Political Intelligence Service

Agency overview
- Formed: 1916
- Dissolved: 1945 (from 1942 under Japanese control)
- Headquarters: Batavia, Dutch East Indies

= Politieke Inlichtingendienst =

The Political Intelligence Service (Politieke Inlichtingendienst, PID), was the main security agency for the Dutch East Indies from 1916 until its dissolution in 1945. The Political Intelligence Service was the most famous branch of the Dutch colonial police, although in its time most of its activities took place in secret.

==History==
The PID existed officially from 1916 to 1919 and was then abandoned. Its duties were a few years later assigned to the General Investigation Service (Dutch: Algemeene Recherche Dienst) or ARD. The name PID remained in use, because in Surabaya and Semarang urban police department were still instituted under the name of PID.

Among the major tasks of the PID were overseeing the rules of the right of association and assembly and control of the press. Both focused primarily on the activities of Indonesian organizations who were critical of the government, from "loyal" opposition to efforts to overthrow colonial rule. For that task - at meetings and in the press - the participation of Indonesian personnel was essential, because of lack of competent Dutch. The wedana and mantri's police could therefore run the gauntlet at meetings where they were sitting in the front row. They could give speakers a warning or even dissolve meetings. Their position was unenviable. They found opposite often speakers who tried to locate the boundaries of the colonial tolerance. With imaginative word choices and calculated silences PID men were teased and bullied, to the delight of a sniggering room. And find in such an environment, which the colonial government had then to give an appropriate response.

==World War II==

In mid-1942 (Java on August 1) the KNIL transferred his administrative duties over to the Japanese Military Administration (Gunseibu). In the Marine Region the Department of Marine Civil Administration operated. The Gunseibu was a military civilian administration device consisting of technical, economic and legal skilled Japanese officials. The commander of the occupation army was indeed the head of the military government but left the actual responsibility for the civil administration to his chief of staff. The military government had the responsibility to maintain order and peace, exploit natural resources in the conquered territories and to make the Japanese occupation forces self-sufficient. Monitoring compliance with Japanese regulations was owned by the Kempeitai, the Japanese military police. It was assisted by Indonesian officials of the PID.

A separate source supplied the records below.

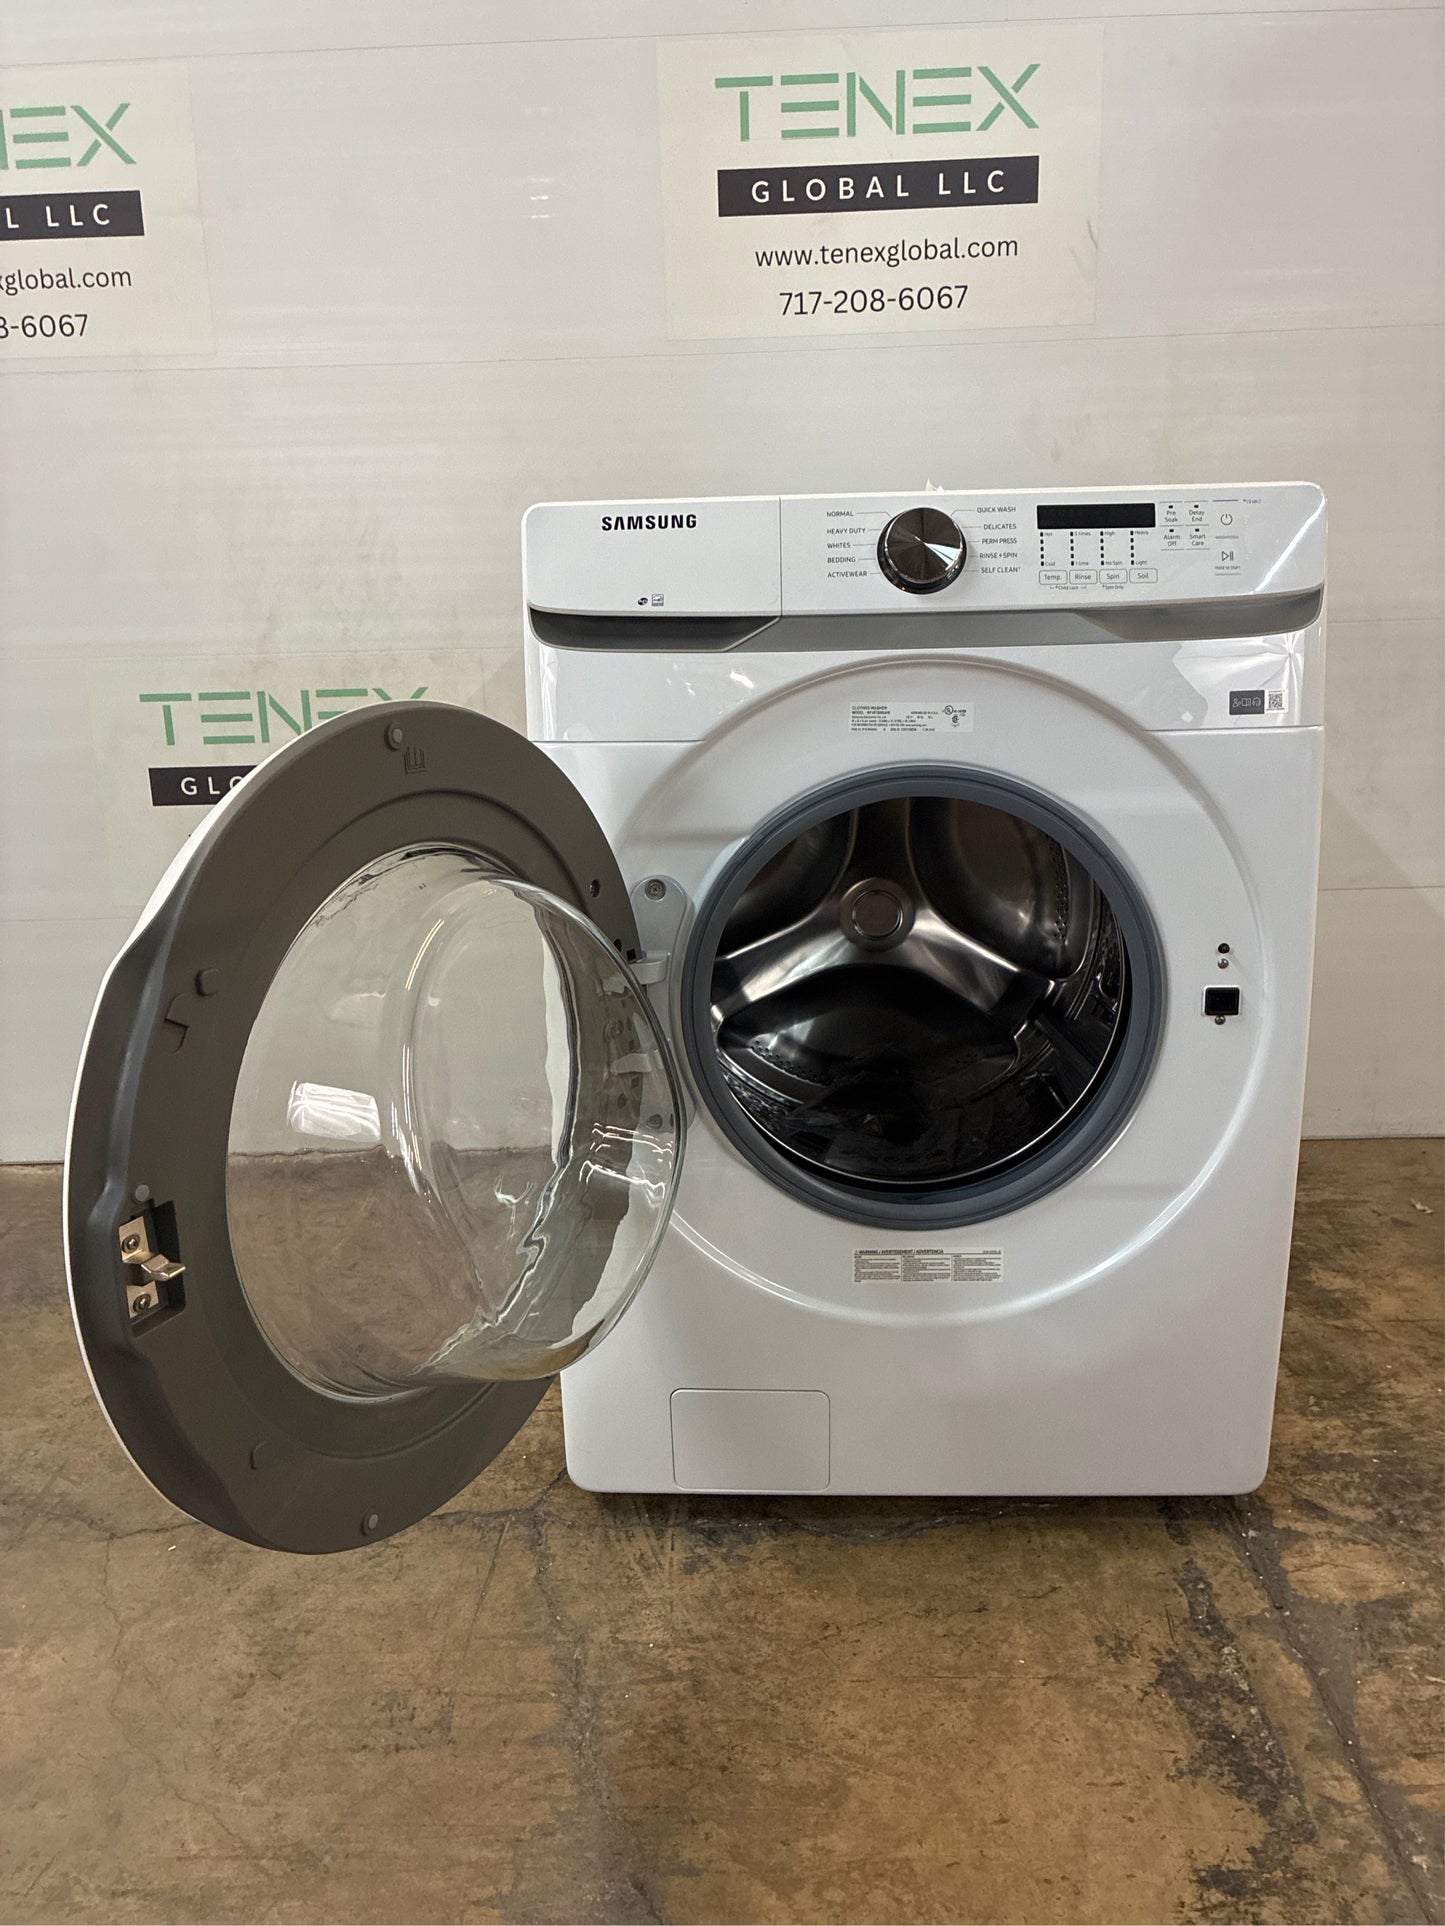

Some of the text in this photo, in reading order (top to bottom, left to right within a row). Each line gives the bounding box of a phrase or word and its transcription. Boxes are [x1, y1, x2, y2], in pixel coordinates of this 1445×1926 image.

[715, 64, 1040, 141] TENEX
[0, 103, 136, 170] EX
[751, 169, 1005, 203] GLOBAL LLC
[46, 204, 110, 227] LLC
[755, 236, 1018, 267] www.tenexglobal.com
[779, 285, 968, 316] 717-208-6067
[601, 514, 697, 531] SAMSUNG
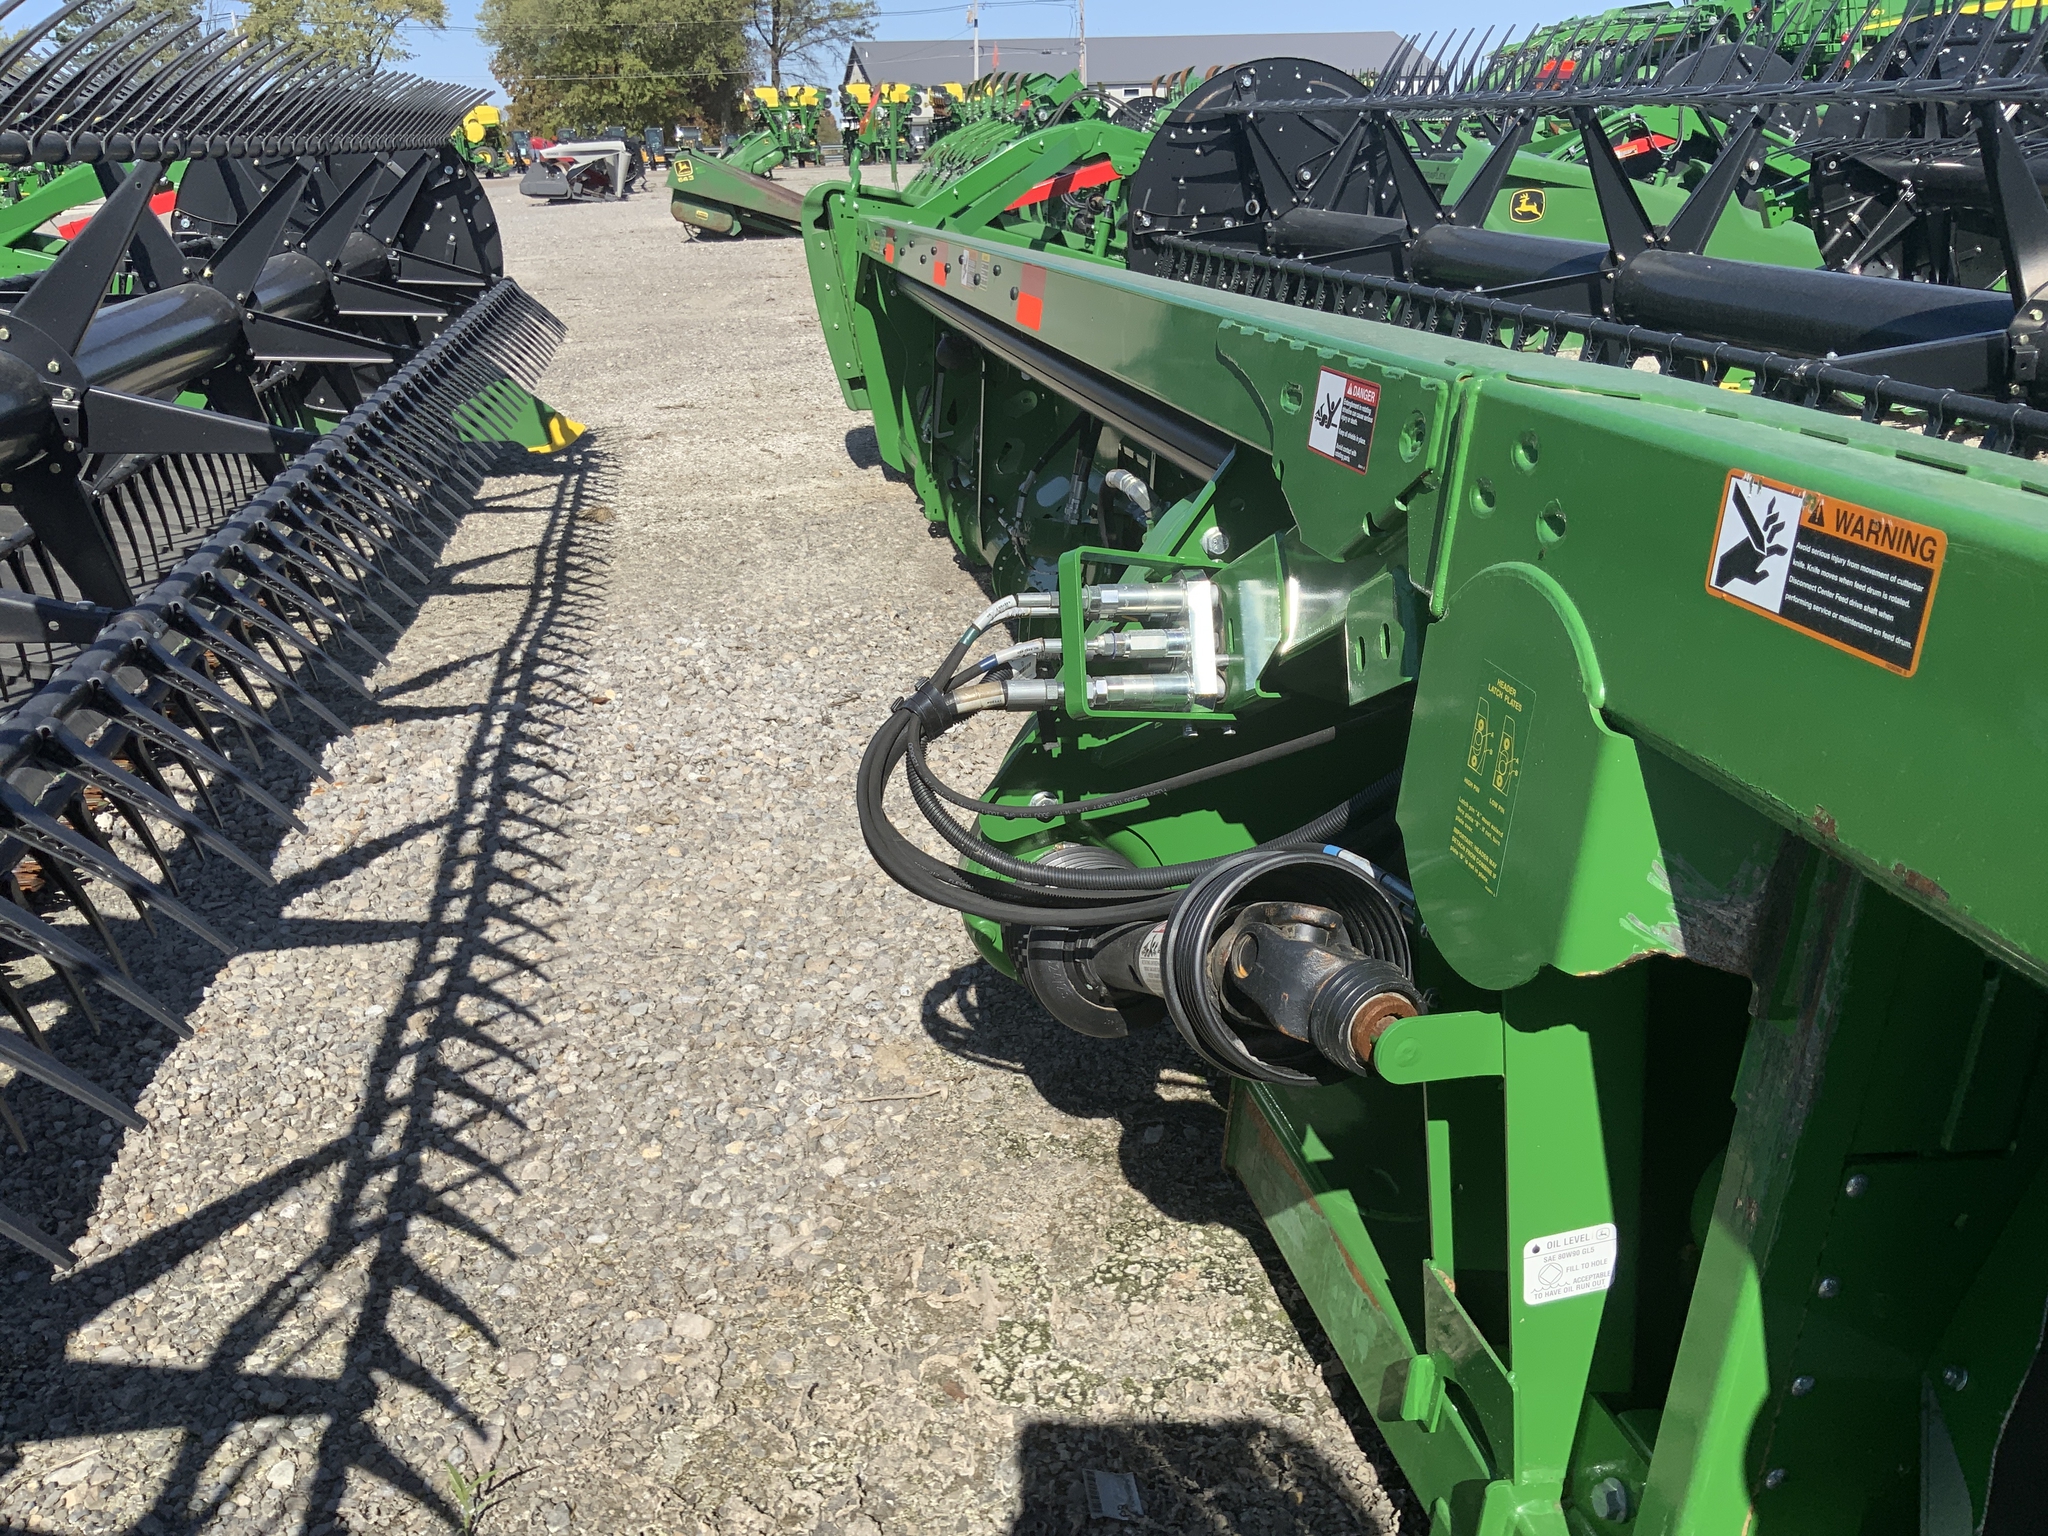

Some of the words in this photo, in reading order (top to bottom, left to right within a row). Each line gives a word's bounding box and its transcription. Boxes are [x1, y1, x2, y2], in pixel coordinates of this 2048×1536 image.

[1352, 386, 1376, 403] DANGER
[1834, 508, 1937, 563] WARNING
[1796, 542, 1810, 552] Avoid
[1811, 548, 1830, 559] serious
[1831, 554, 1846, 566] injury
[1847, 559, 1859, 569] from
[1860, 566, 1889, 580] movement
[1897, 579, 1923, 592] cutterbar
[1792, 558, 1805, 568] knife.
[1807, 564, 1820, 574] Knife
[1821, 570, 1838, 580] moves
[1839, 577, 1853, 586] when
[1854, 581, 1866, 591] feed
[1867, 586, 1881, 596] drum
[1882, 591, 1887, 599] is
[1889, 595, 1910, 607] rotated.
[1789, 576, 1816, 591] Disconnect
[1817, 587, 1834, 598] Center
[1835, 593, 1848, 603] Feed
[1849, 599, 1862, 609] drive
[1863, 605, 1878, 615] shaft
[1878, 611, 1893, 621] when
[1785, 594, 1812, 609] performing
[1813, 605, 1831, 616] service
[1839, 615, 1872, 632] maintenance
[1882, 631, 1895, 641] feed
[1895, 637, 1911, 648] drum.
[1497, 678, 1516, 697] HEADER
[1488, 684, 1503, 699] LATCH
[1504, 693, 1522, 712] PLATES
[1546, 1240, 1561, 1250] OIL
[1564, 1234, 1590, 1246] LEVEL
[1544, 1255, 1556, 1263] SAE
[1558, 1250, 1580, 1260] 80W90
[1582, 1246, 1594, 1254] GL5
[1591, 1258, 1608, 1266] HOLE
[1572, 1270, 1611, 1284] ACCEPTABLE
[1544, 1288, 1562, 1298] HAVE
[1576, 1282, 1590, 1290] RUN
[1592, 1279, 1606, 1287] OUT

Many of the newcomers of the PID were educated by the Japanese and was located by the reopened police school in Sukabumi, beside that one and only police academy which the Dutch East Indies had known, police schools came in all residences. It seems plausible to us that the number of officers of the PID important increased. The Kenpeitai soon made itself hated by their cruel acts, including the Indonesian PID - the Japanese had made this part of Dutch government apparatus completely subservient to their purposes. Who for instance ventured to listen to foreign radio broadcasts, had to fear that he would be reported by contingent traitors of the PID.

Soon after the evacuation from the Dutch East Indies, a Dutch intelligence service was set up in Australia on the instructions of the Dutch Commander of the forces in the East, Helfrich.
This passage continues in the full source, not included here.